INDIANAPOLIS — Twelve leaders in high school activity programs across the country have been selected to receive National Federation of State High School Associations (NFHS) Citations.

An award designed to honor individuals who have made contributions to the NFHS, state high school associations, athletic director and coaching professions, the officiating avocation and fine arts/performing arts programs, the NFHS Citation is one of the most highly regarded achievements in high school activities.
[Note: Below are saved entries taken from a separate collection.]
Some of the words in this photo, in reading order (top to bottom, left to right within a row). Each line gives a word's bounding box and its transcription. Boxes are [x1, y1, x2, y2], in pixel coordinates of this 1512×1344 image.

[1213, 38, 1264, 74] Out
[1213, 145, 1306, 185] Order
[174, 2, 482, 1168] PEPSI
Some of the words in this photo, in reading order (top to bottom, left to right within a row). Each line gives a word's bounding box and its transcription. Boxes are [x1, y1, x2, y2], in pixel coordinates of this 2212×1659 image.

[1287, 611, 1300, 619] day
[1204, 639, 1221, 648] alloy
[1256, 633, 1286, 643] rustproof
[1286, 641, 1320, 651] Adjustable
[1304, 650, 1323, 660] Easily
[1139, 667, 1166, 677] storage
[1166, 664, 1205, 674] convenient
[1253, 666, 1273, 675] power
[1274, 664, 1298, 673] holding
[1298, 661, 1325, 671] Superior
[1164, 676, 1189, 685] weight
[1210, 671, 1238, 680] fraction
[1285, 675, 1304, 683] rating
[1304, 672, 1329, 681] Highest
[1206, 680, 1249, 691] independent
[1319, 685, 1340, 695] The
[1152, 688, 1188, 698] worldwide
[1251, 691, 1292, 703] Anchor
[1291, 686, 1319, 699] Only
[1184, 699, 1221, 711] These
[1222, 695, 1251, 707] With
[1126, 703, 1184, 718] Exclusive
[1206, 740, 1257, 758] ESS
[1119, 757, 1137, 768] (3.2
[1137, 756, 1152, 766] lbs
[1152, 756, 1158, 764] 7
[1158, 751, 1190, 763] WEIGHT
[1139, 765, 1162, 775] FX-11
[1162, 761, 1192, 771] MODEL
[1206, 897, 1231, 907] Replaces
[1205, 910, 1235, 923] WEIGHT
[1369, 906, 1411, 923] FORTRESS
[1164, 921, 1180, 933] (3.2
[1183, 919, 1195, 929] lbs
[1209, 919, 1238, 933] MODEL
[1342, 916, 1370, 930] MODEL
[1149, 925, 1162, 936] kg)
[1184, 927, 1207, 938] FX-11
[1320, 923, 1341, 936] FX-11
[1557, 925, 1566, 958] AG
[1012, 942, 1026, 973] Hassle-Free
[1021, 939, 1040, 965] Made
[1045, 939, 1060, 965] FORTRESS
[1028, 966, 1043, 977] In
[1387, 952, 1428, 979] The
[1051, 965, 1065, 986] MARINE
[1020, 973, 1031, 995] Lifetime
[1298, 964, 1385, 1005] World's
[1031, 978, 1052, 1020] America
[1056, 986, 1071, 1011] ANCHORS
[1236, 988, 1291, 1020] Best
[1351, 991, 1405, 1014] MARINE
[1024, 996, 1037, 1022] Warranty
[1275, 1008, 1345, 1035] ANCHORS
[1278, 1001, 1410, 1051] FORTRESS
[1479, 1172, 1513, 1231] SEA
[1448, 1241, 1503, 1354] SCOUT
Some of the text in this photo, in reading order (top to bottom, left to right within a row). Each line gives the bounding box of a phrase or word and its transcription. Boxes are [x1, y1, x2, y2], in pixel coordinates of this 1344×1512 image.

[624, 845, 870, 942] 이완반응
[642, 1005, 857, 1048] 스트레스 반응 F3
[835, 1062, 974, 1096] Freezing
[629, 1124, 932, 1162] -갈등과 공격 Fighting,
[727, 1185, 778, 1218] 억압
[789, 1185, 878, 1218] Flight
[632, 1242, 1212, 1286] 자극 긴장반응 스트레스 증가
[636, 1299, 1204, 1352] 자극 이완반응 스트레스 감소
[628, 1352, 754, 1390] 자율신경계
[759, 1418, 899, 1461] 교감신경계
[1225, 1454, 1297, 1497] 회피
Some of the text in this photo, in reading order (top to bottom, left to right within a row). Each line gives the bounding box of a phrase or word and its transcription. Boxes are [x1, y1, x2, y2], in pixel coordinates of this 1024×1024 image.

The 2011 NFHS Citation recipients will receive their awards July 1 at the 92nd NFHS Summer Meeting in Philadelphia, Pennsylvania.

Eight of the 12 award winners represent the NFHS-member state high school associations. The other four Citation recipients represent NFHS professional organizations for officials, coaches, music and speech/debate/theatre.

The eight state association recipients are Carol Parsons, retired associate director of the New Jersey State Interscholastic Athletic Association; Lora Bickley, administrative assistant, Virginia High School League; Alan Mitchell, assistant director, Alabama High School Athletic Association; Nate Hampton, assistant director, Michigan High School Athletic Association; George Blase, retired assistant executive director, Missouri State High School Activities Association; David Jackson, associate executive director, Oklahoma Secondary School Activities Association; Chuck Schmidt; chief operating officer, Arizona Interscholastic Association; and Michael Janecek, retired athletic director/coach, Palmer (Alaska) High School.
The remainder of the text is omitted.